We are also seeing a growing interest in “location-based” applications, such as specifying one’s location when ordering taxis, pizzas, etc. However, location-based applications are probably going to be more important in mobile-platform implementations.
What are some of the other applications for NovaSearch?
Well, as I just mentioned, we see location-based applications as being important on mobile platforms, the main search application being the entry of destinations to in-vehicle navigation systems. In North America and Europe this mainly means some reduced form of the postal address.
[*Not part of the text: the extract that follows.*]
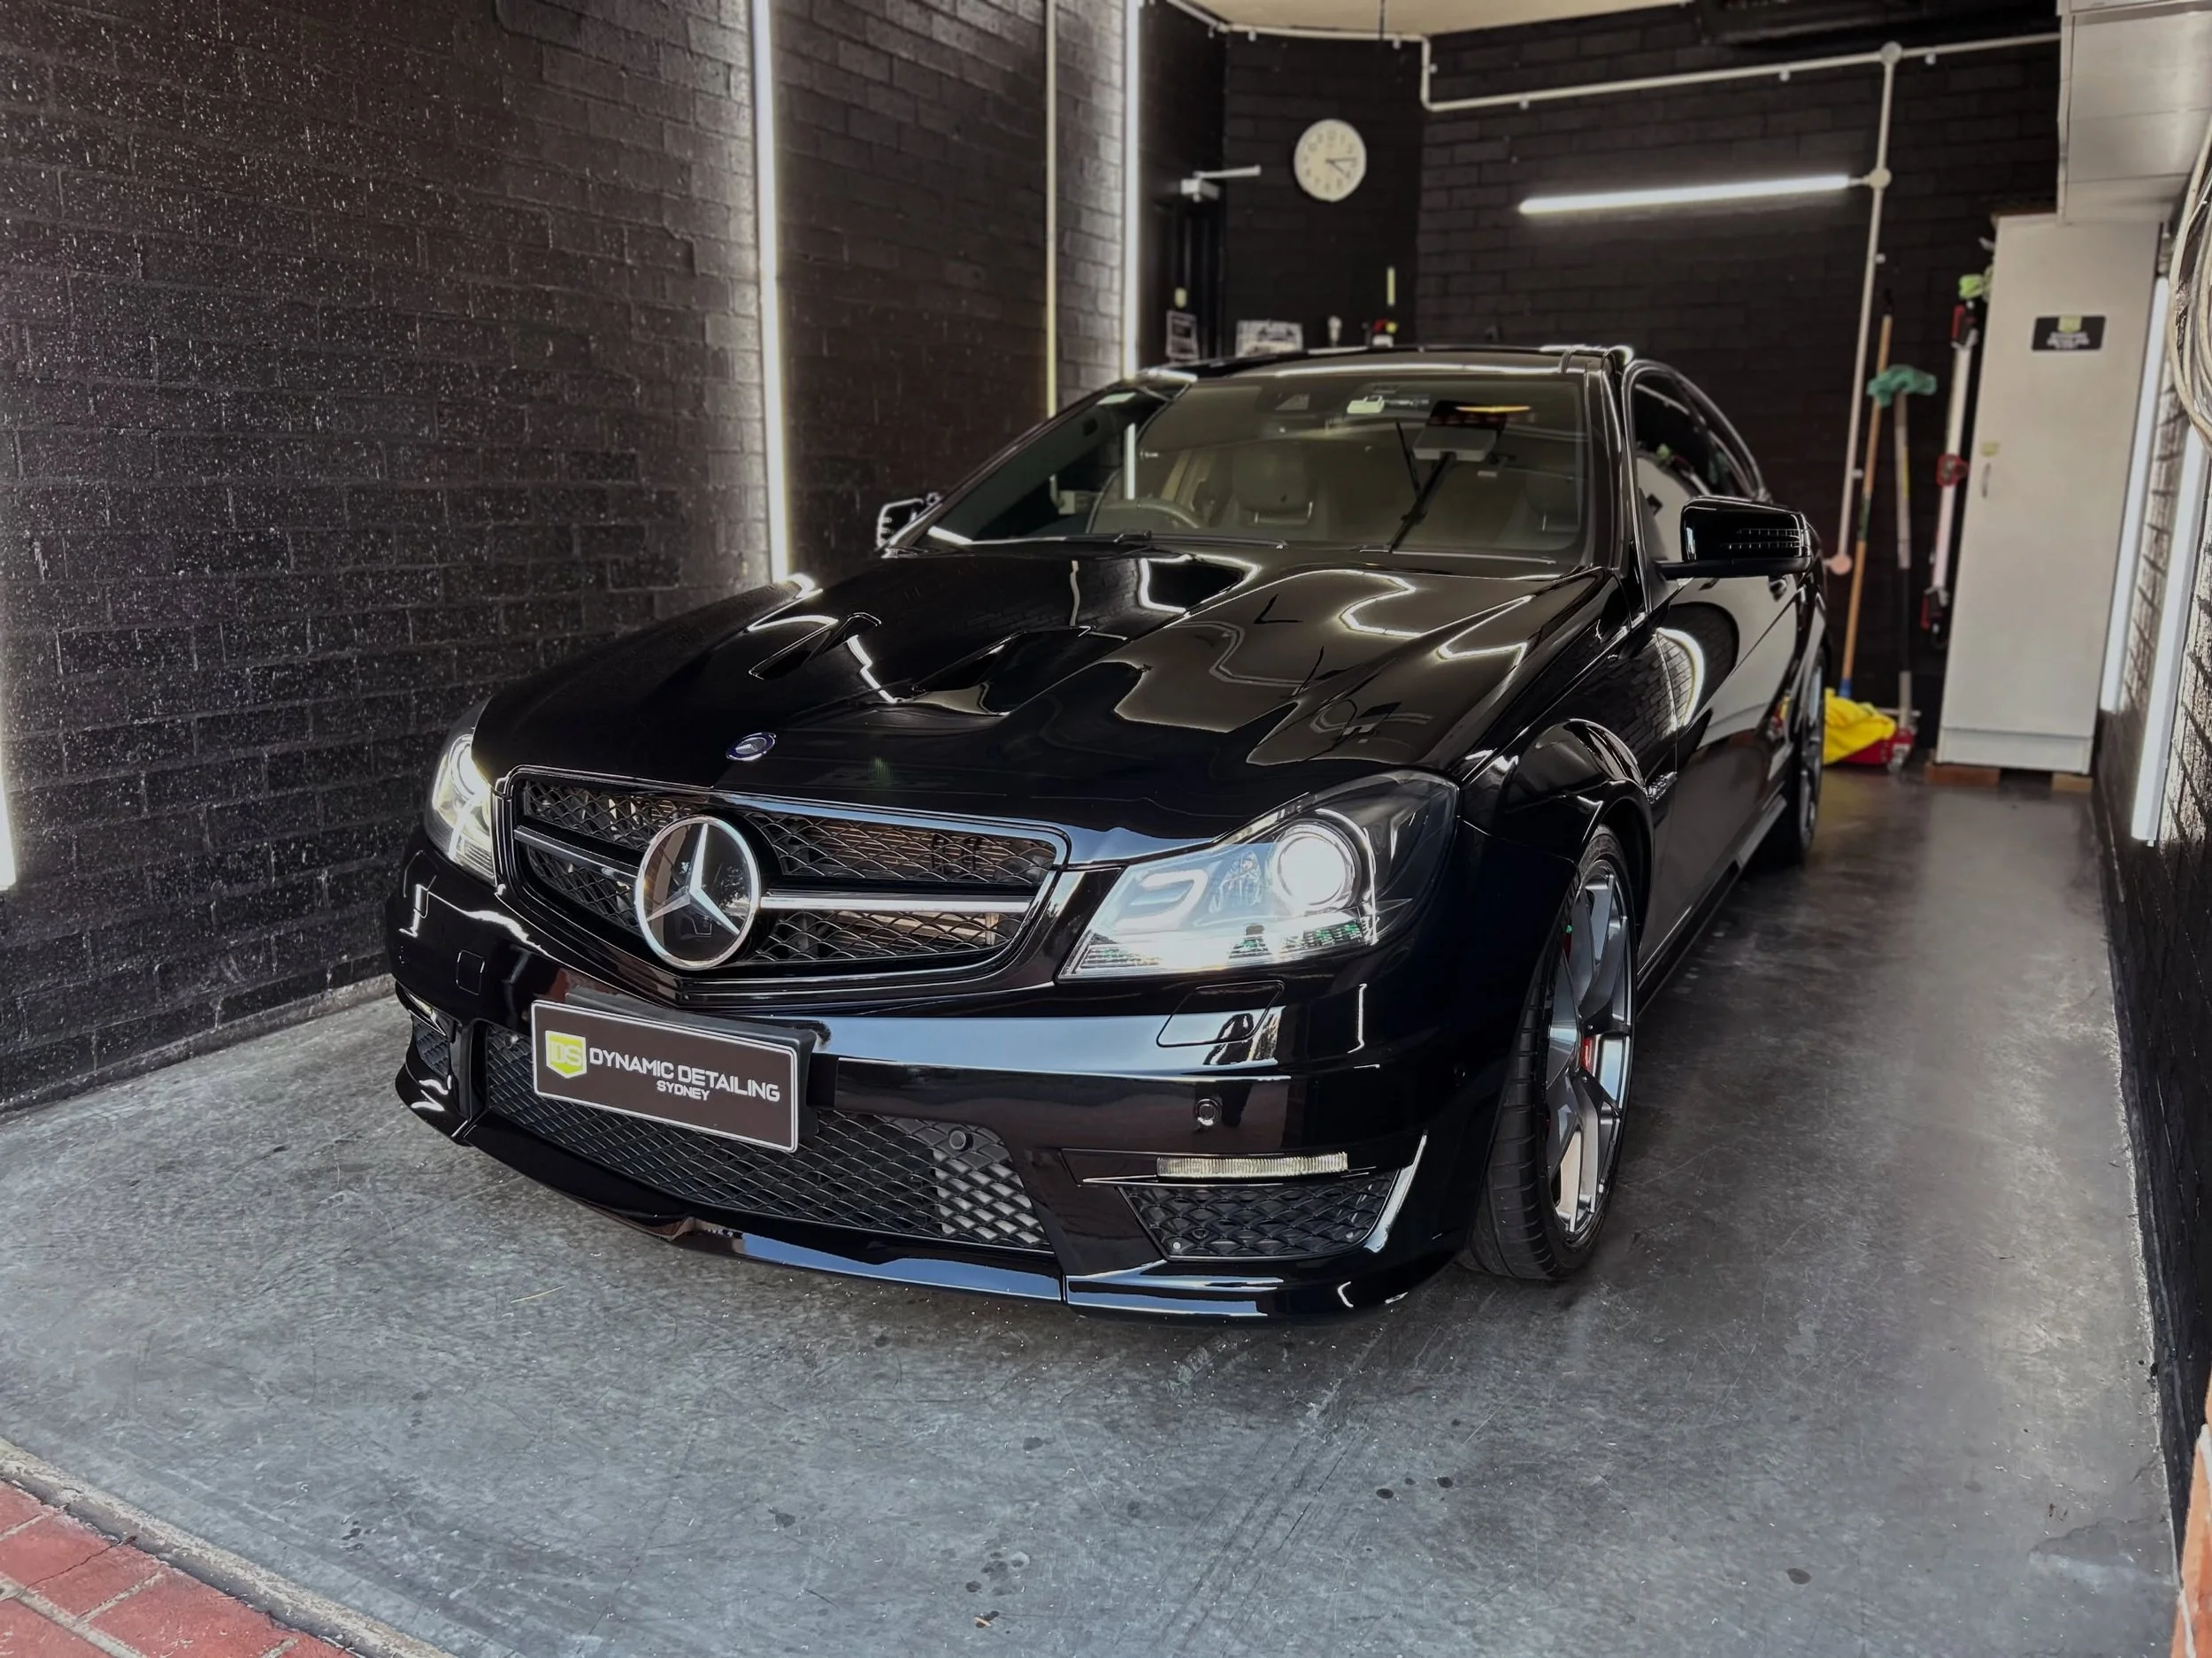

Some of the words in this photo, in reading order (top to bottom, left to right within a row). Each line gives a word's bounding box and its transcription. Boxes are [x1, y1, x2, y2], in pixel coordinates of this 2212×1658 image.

[589, 1047, 675, 1078] DYNAMIC
[677, 1064, 780, 1102] DETAILING
[657, 1079, 710, 1101] SYDNEY
However, in Japan and Korea it appears that there is more interest in specifying what are called points of interest or landmarks rather than addresses.
There is also a less obvious application of our technology on mobile platforms, namely flexible phrase recognition for automatic spoken translation and commands for domestic robots (in which there is more interest in Asia than in the West). Although a concept demonstrator of a voice translator to Korean and Japanese was surprisingly successful, I should say that we see this class of application as being some way off yet.
How is NovaSearch sold for the various markets (e.g., is it licensed by the port for telephony)?
Although we are open to alternatives, for server-based applications we currently prefer a per-transaction or revenue-related arrangement. This gives us and our customer a common interest in the success of an application. The customer obviously benefits from our ongoing interest, but we think that Novauris benefits as well from having a close link to the ultimate users of our technology.
Obviously, for embedded applications a quantity-related unit royalty is more appropriate.
Any final comments?
I've been working in speech technology R&D for a long time. Although it's been intellectually absorbing, it's sometimes been frustrating. For instance, I'm a devoted user of Dragon NaturallySpeaking, but general automatic dictation has never really taken off as I thought it should. Similarly, we thought that voice command in military aircraft would revolutionize pilot-machine interaction, but I don't think that it has. However, it does seem that a really important application of ASR may finally be emerging, namely mobile voice search. My optimism is strengthened by your article on Tellme's successes in the September edition of Telephone Strategy News (advance copies e-mailed to subscribers), and by Amol Sharma’s piece in the Wall Street Journal on July 27 drawing attention to the mobile search service being introduced by Verizon Wireless. It makes me think that sticking around in this field for all these years has been worthwhile after all.